┌──
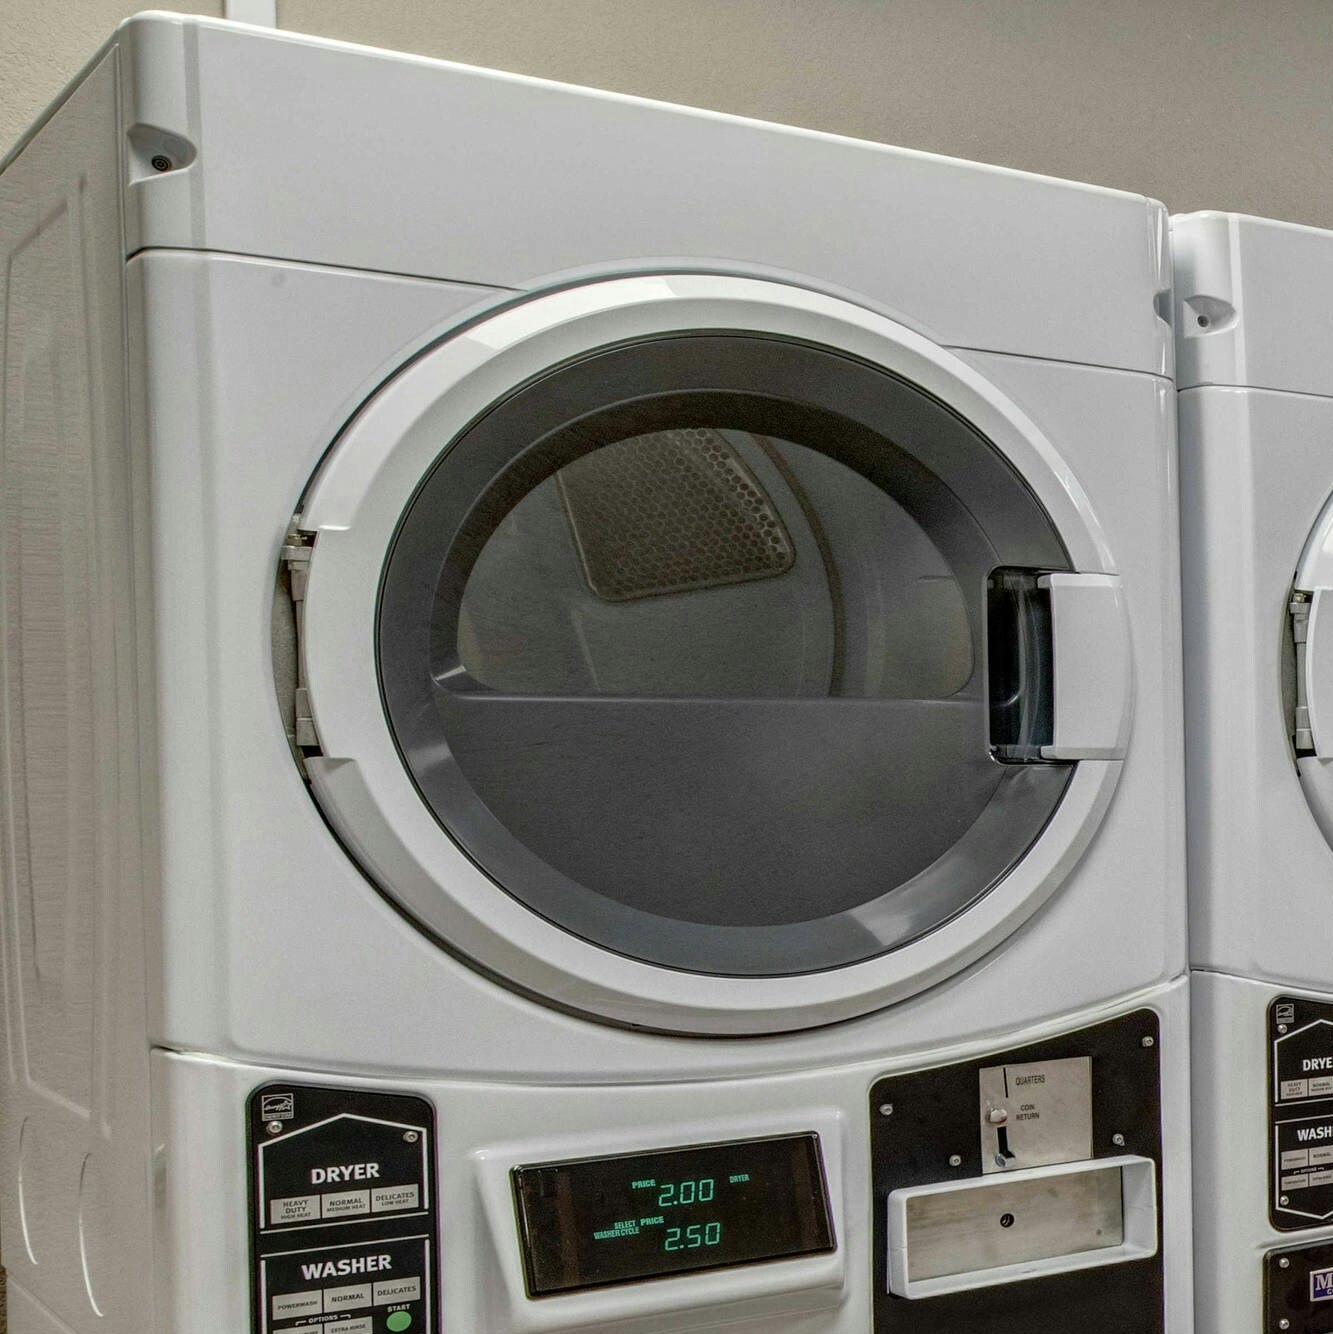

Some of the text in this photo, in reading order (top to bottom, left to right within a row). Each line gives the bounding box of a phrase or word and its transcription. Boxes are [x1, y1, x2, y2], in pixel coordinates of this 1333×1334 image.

[1015, 1074, 1046, 1086] QUARTERS
[1015, 1111, 1040, 1121] RETURN
[311, 1162, 380, 1184] DRYER
[375, 1191, 415, 1202] DELICATES
[631, 1178, 656, 1189] PRICE
[658, 1178, 715, 1207] 2.00
[283, 1199, 309, 1207] HEAVY
[329, 1197, 363, 1207] NORMAL
[285, 1206, 307, 1214] DUTY
[614, 1215, 665, 1229] SELECT PRICE
[664, 1222, 721, 1251] 2.50
[301, 1254, 392, 1281] WASHER
[377, 1285, 417, 1297] DELICATES
[330, 1293, 365, 1303] NORMAL
[387, 1304, 411, 1313] START
[308, 1314, 339, 1324] OPTIONS
└──
An exact transcription of the records above is needed, with no pictures included.

Some of the text in this photo, in reading order (top to bottom, left to right within a row). Each line gives the bounding box of a phrase or word and its transcription. Boxes are [x1, y1, x2, y2], in pixel coordinates of this 1333×1334 image.

[1015, 1074, 1046, 1086] QUARTERS
[1015, 1111, 1040, 1121] RETURN
[311, 1162, 380, 1184] DRYER
[375, 1191, 415, 1202] DELICATES
[631, 1178, 656, 1189] PRICE
[658, 1178, 715, 1207] 2.00
[283, 1199, 309, 1207] HEAVY
[329, 1197, 363, 1207] NORMAL
[285, 1206, 307, 1214] DUTY
[614, 1215, 665, 1229] SELECT PRICE
[664, 1222, 721, 1251] 2.50
[301, 1254, 392, 1281] WASHER
[377, 1285, 417, 1297] DELICATES
[330, 1293, 365, 1303] NORMAL
[387, 1304, 411, 1313] START
[308, 1314, 339, 1324] OPTIONS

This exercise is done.